Apologies for the convoluted title!
I'm new to rust, and I'm trying to solve a very specific problem. None of the solutions I've tried so far seem to work nicely within the language bounds.
I have a struct that contains data (called Model), and it also contains a dynamic Box for a "strategy" struct. There are several different strategy structs, and they are identified by a common Trait (Strategy) that each contain a separate way of modifying the model through their "execute strategy" method. By doing this, the I can dynamically change which strategy is used by changing the model's strategy instance like a state-machine.

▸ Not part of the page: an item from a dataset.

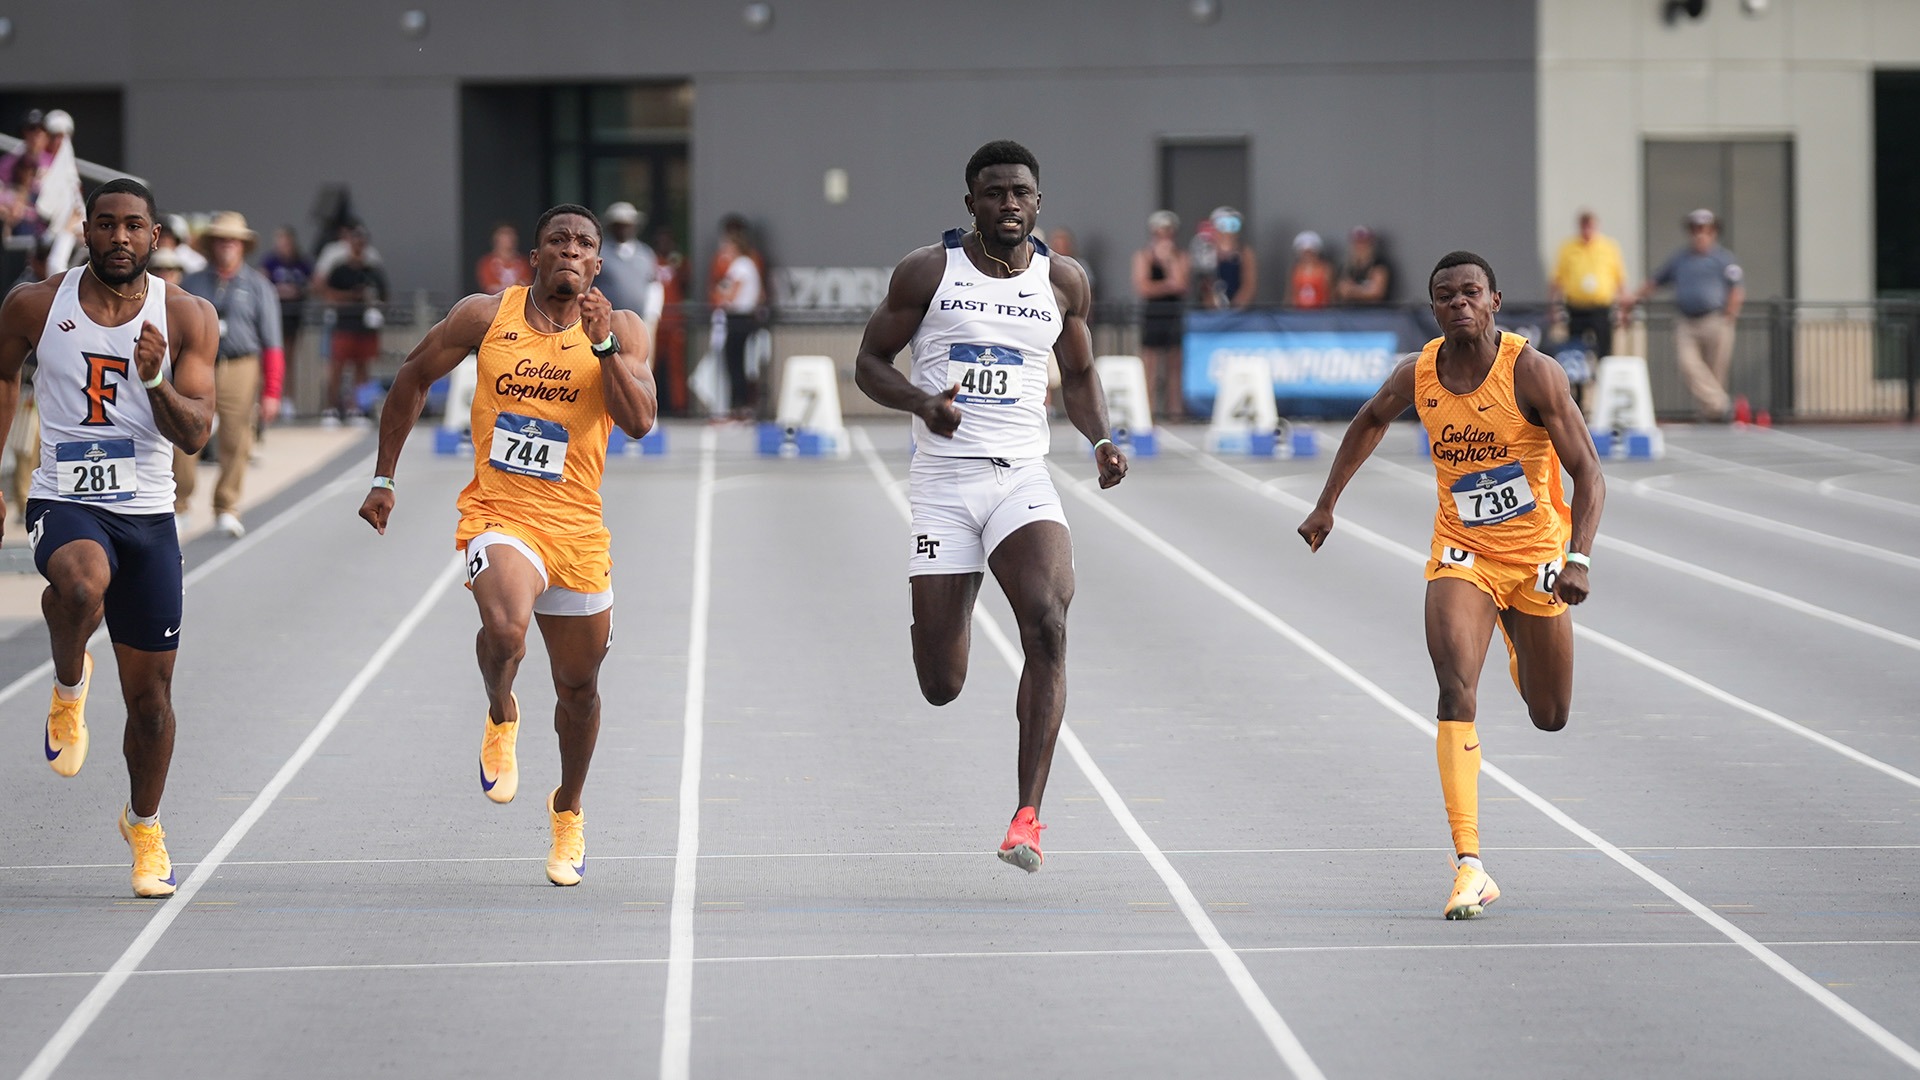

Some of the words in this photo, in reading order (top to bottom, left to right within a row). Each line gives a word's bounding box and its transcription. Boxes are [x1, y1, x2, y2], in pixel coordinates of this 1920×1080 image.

Each strategy is immutable, but they mutate the model's data. They do sometimes contain their own immutable data, so enums seemed like an awkward fit.
trait Strategy {
fn execute_strategy(&self, model: &mut Model);
}
struct Strategy1;
impl Strategy for Strategy1 {
fn execute_strategy(&self, model: &mut Model) {
...
}
}
struct Strategy2;
impl Strategy for Strategy2 {
fn execute_strategy(&self, model: &mut Model) {
...
}
}
struct Model {
strategy: Box<dyn Strategy>,
}
Now the place I'm running into issues is executing the strategy.
impl Model {
fn run(&mut self) {
(*self.strategy).execute_strategy(self); // WONT COMPILE
}
}
I get why the above won't compile -- It sees that self is borrowed immutably and mutably. Is there an idiomatic solution for this? Each strategy works in a vacuum and only modifies the model. The strategies themselves are immutable, so it seems like the above would be safe to do.
Happy New Year, and thanks in advance for the help!